[gmx-users] Long range interaction energy of charged particles with PME - GMX 3.3.1

David Mobley dmobley at gmail.com
Thu Jul 27 18:42:55 CEST 2006


> I previously asked how to calculate the long range interactions between
> charged particles simulated with PME:
> http://www.gromacs.org/pipermail/gmx-users/2004-October/012627.html
> I repeat the question here. If I want to calculate the LR Coulomb
> interaction energy between say a protein and a ligand the normal
> procedure would involve several mdrun -rerun runs: (1) with atoms
> charged (2) with the charges on the protein neutralised (3) with the
> charges on the ligand neutralised (4) with the charges on the solvent
> neutralised. When the protein is charged, there will be a net charge in
> the simulation shell in case (2).

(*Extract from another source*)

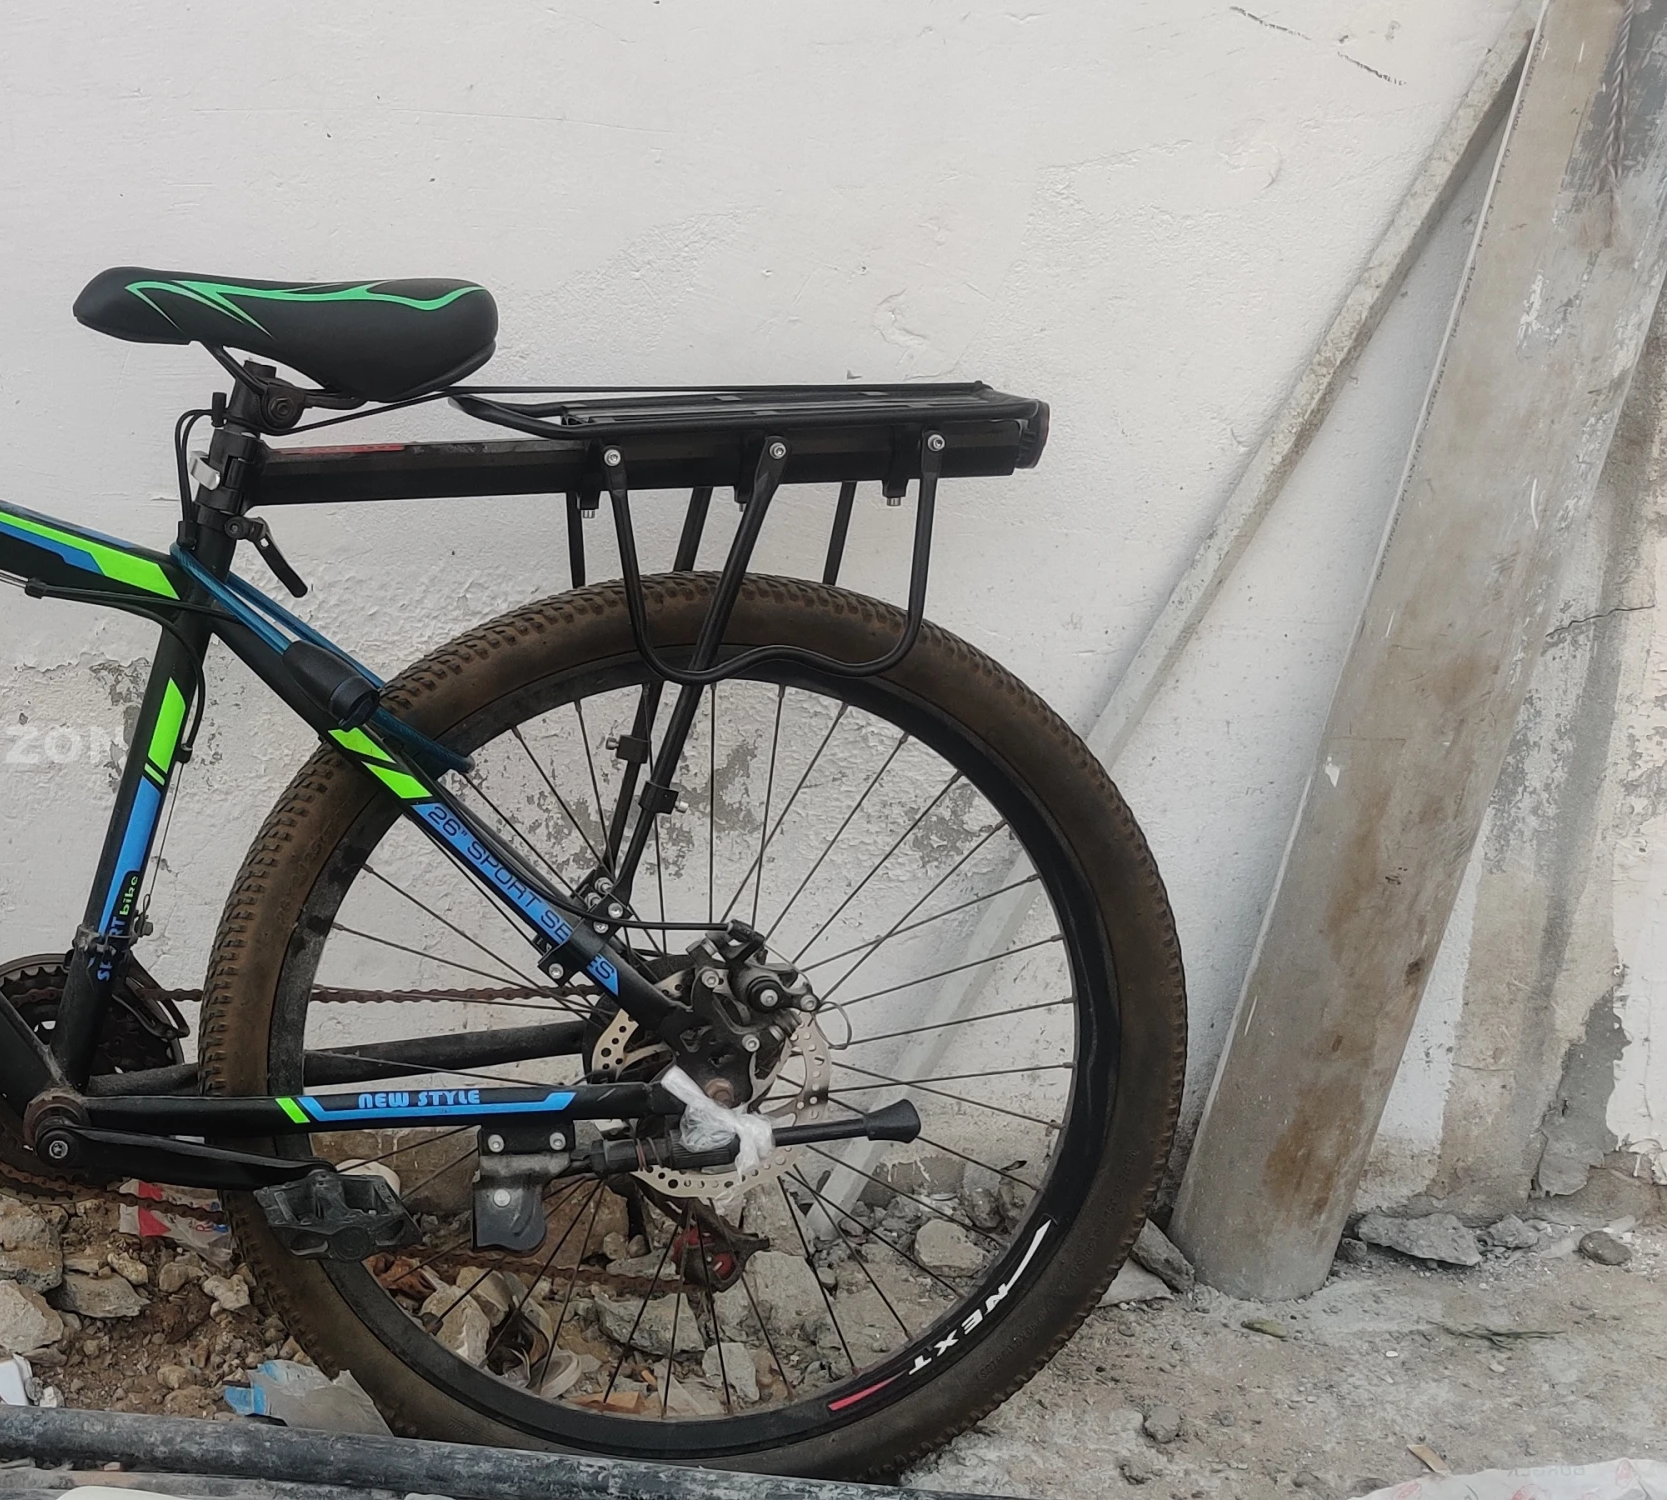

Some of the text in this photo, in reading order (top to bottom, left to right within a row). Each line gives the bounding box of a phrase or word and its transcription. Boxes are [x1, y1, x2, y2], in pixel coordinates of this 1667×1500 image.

This net charged is corrected in PME
> as implemented in GMX. In GMX 3.2.1, I could not account for the
> correction, so the calculation wouldn't be exact (see the message
> above). What's the situation in GMX 3.3.1?

Systems with net charge are run with a uniform neutralizing background
charge sincce they need to be neutral for PME. I don't have any idea
how to properly account for this, although I would like to. This isn't
just an issue for calculating interaction energies between, say, two
molecules -- one also has to deal with similar issues if one wants to
compute, say, the free energy of inserting or removing an ion.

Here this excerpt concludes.